In addition, because the location effects function ƒi(x,y) for the i-th sub-region 201 was generated by fitting both the data points located within the i-th sub-region 201 and also the data points from adjacent sub-regions 201, the problem of abrupt discontinuities at sub-region 201 boundaries can be eliminated. For example, assuming that the 3rd and 4th sub-regions 201 adjoin each other, the location effects function ƒ3(x,y) for the 3rd sub-region 201 will very closely match the location effects function ƒ4(x,y) for the 4th sub-region 201 at the boundary between the two sub-regions 201, such that there is no abrupt discontinuity at the boundary. This is because the subset 3 (used to fit the location effects function ƒ3(x,y)) and the subset 4 (used to fit the location effects function ƒ4(x,y)) both include the same data points from the 3rd and the 4th sub-regions 201.
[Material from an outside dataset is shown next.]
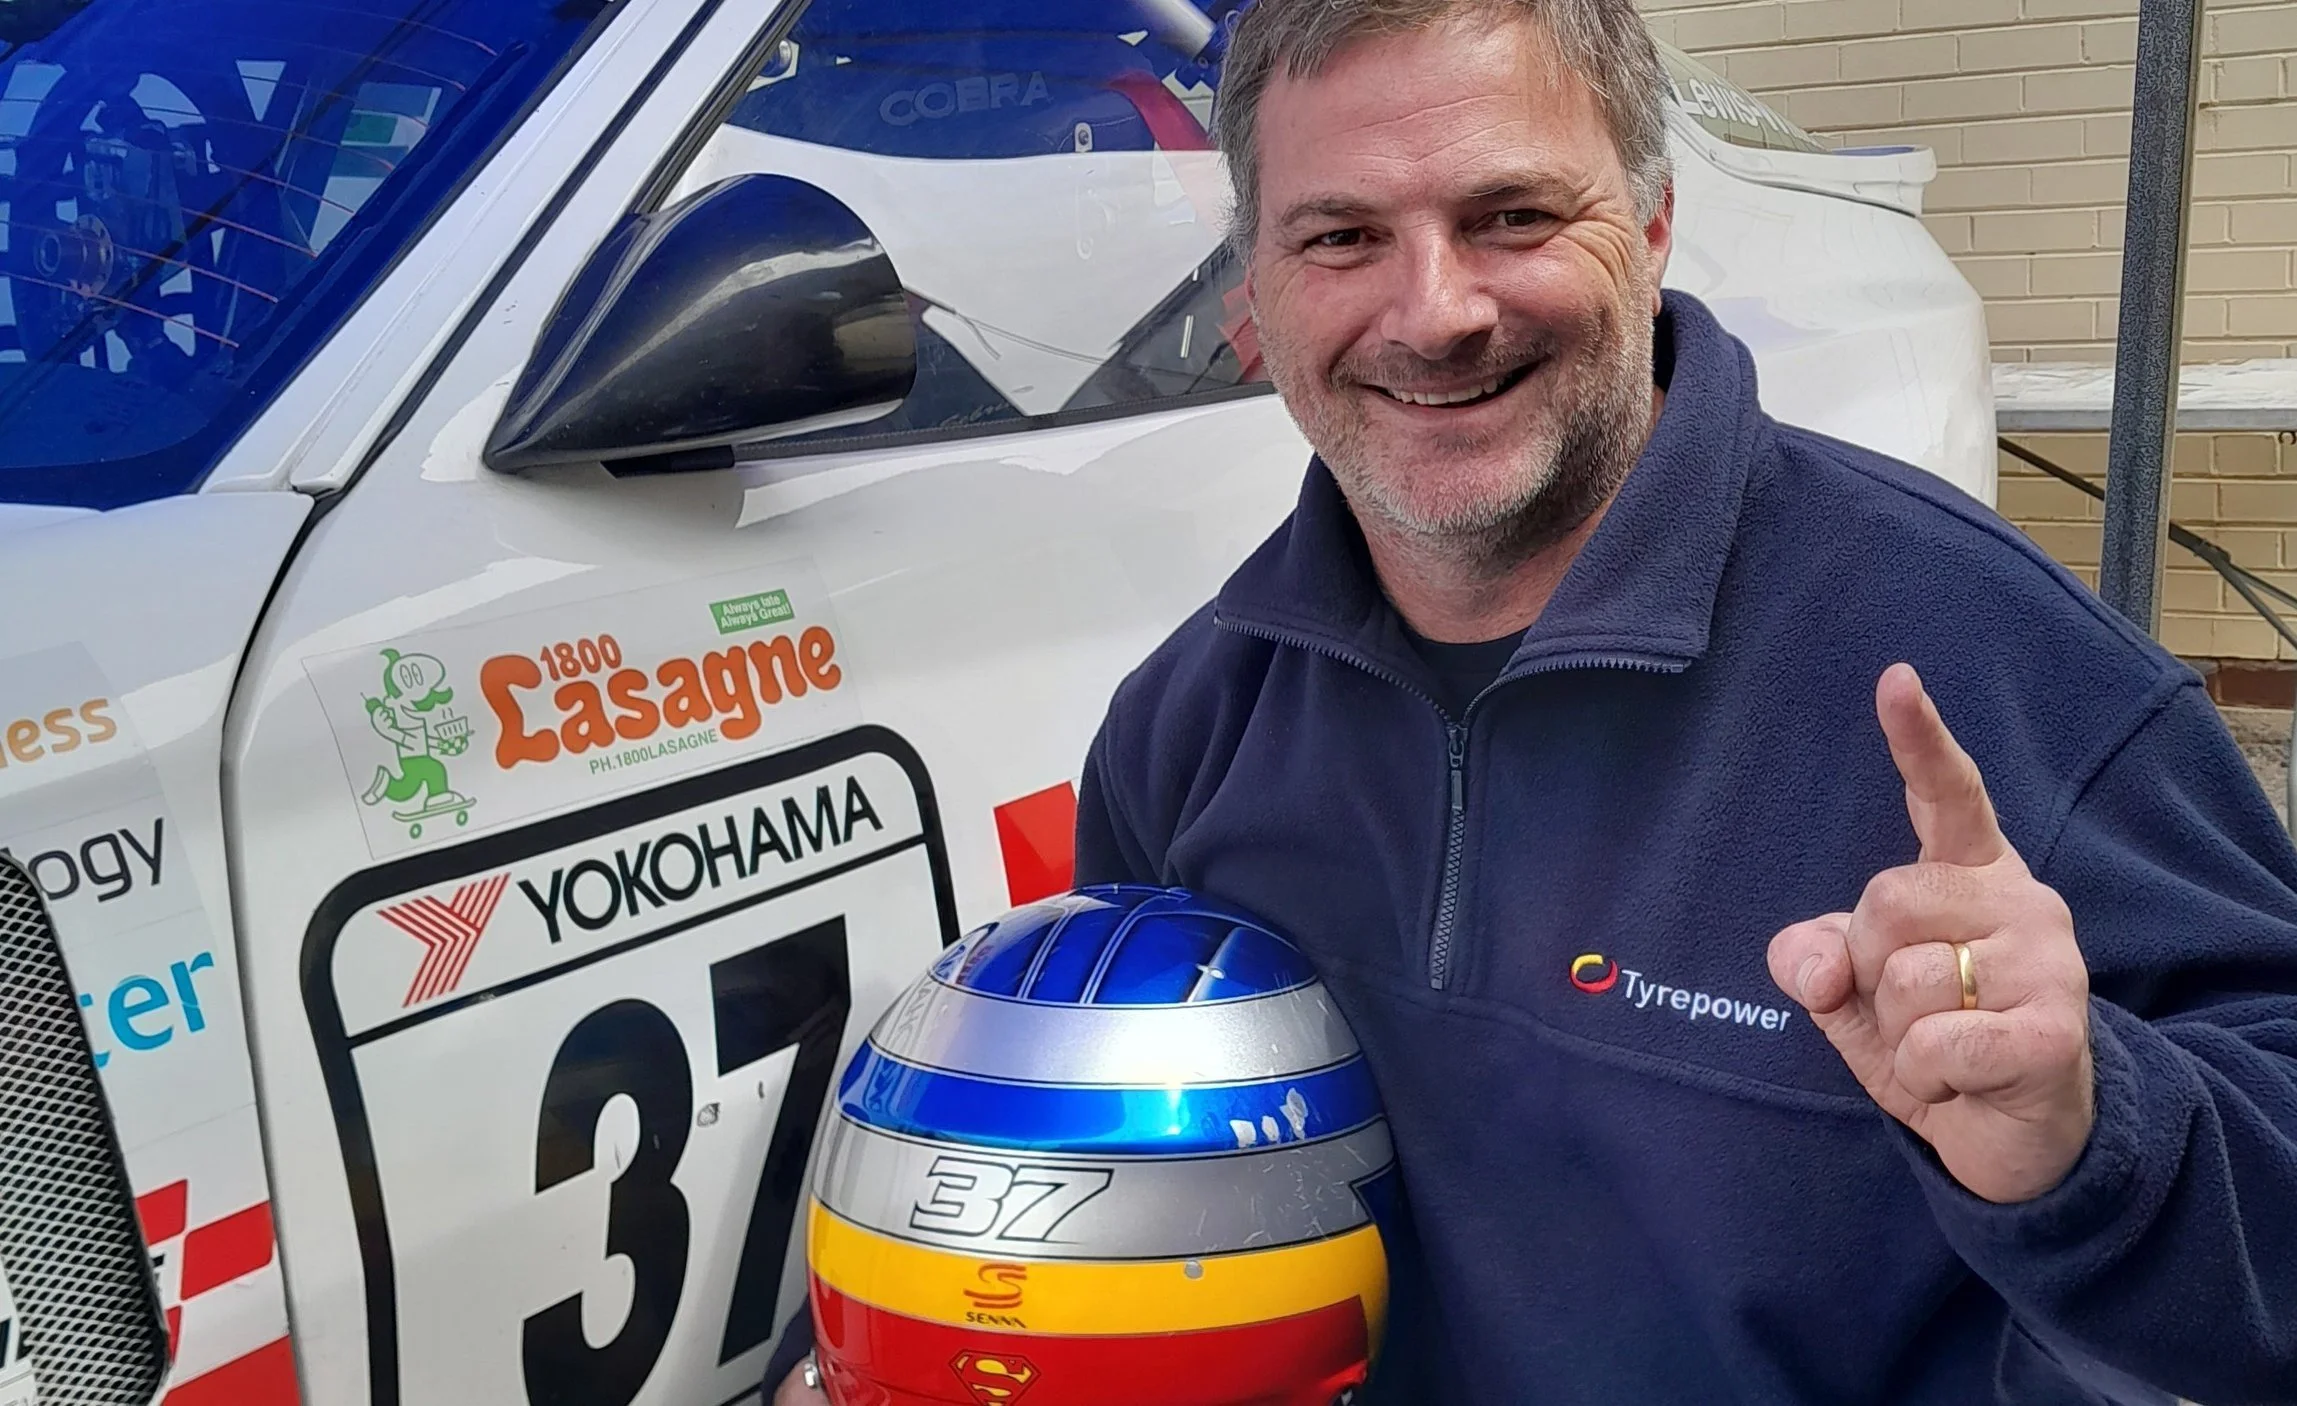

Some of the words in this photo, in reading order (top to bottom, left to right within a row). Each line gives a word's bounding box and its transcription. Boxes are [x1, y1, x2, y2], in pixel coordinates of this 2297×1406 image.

Of course, when it is said that no abrupt discontinuity exists at the boundary, this does not mean to imply an exact mathematical match at the boundary. The values of adjoining location effects functions ƒi(x,y) at the boundary may be slightly different from each other. In other words, if (x0, y0) is an arbitrary point on the boundary between the 3rd and the 4th sub-regions 201, then |ƒ4 (x0, y0)−ƒ3 (x0, y0)|≦ε, where ε is some number that is not necessarily zero. This is because, although the functions are fit to some of the same data points (shared data points), the respective functions are also based on some non-shared data points (e.g., data points from sub-regions that adjoin one of the sub-regions under consideration but not the other), and thus the functions are not necessarily identical.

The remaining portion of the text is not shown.